_WORK REQUIRED_. Without including any pictures, return the records below exactly as written.

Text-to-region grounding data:
=== Begin Enclosure ===
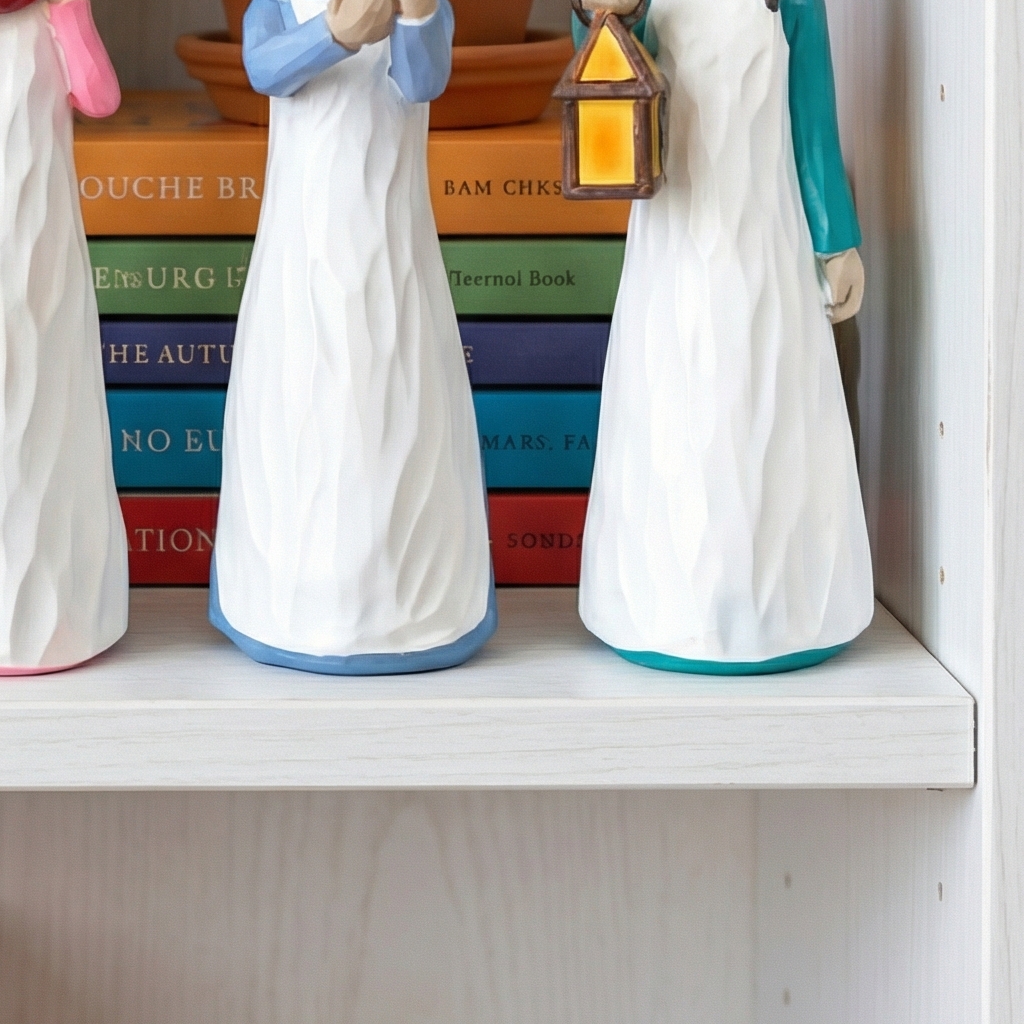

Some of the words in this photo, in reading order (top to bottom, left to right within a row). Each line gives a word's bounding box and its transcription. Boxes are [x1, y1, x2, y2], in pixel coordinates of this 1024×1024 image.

[444, 179, 492, 196] BAM
[529, 269, 577, 287] Book
[103, 344, 149, 364] HE
[121, 429, 171, 452] NO
[127, 528, 215, 553] TION
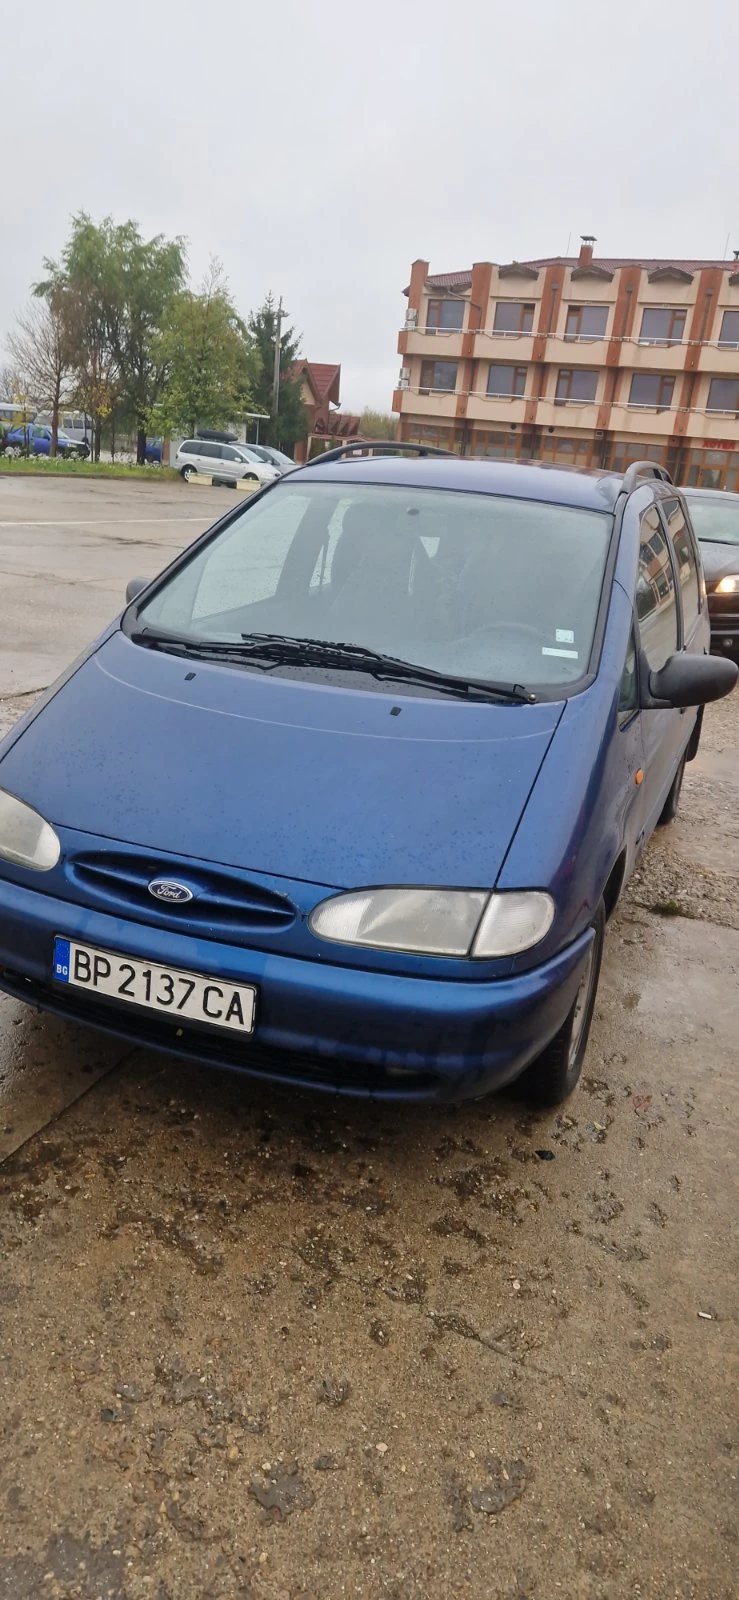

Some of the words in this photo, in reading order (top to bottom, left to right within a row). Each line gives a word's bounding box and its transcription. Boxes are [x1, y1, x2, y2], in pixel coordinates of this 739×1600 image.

[157, 884, 182, 899] Ford
[56, 964, 68, 976] BG
[73, 949, 111, 986] BP
[117, 963, 196, 1010] 2137
[202, 985, 245, 1025] CA
=== End Enclosure ===
_TASK ANSWER_.
Some of the words in this photo, in reading order (top to bottom, left to right within a row). Each line gives a word's bounding box and its transcription. Boxes are [x1, y1, x2, y2], in pixel coordinates of this 1024×1024 image.

[444, 179, 492, 196] BAM
[529, 269, 577, 287] Book
[103, 344, 149, 364] HE
[121, 429, 171, 452] NO
[127, 528, 215, 553] TION

Some of the words in this photo, in reading order (top to bottom, left to right within a row). Each line gives a word's bounding box and its transcription. Boxes are [x1, y1, x2, y2], in pixel coordinates of this 739×1600 image.

[157, 884, 182, 899] Ford
[56, 964, 68, 976] BG
[73, 949, 111, 986] BP
[117, 963, 196, 1010] 2137
[202, 985, 245, 1025] CA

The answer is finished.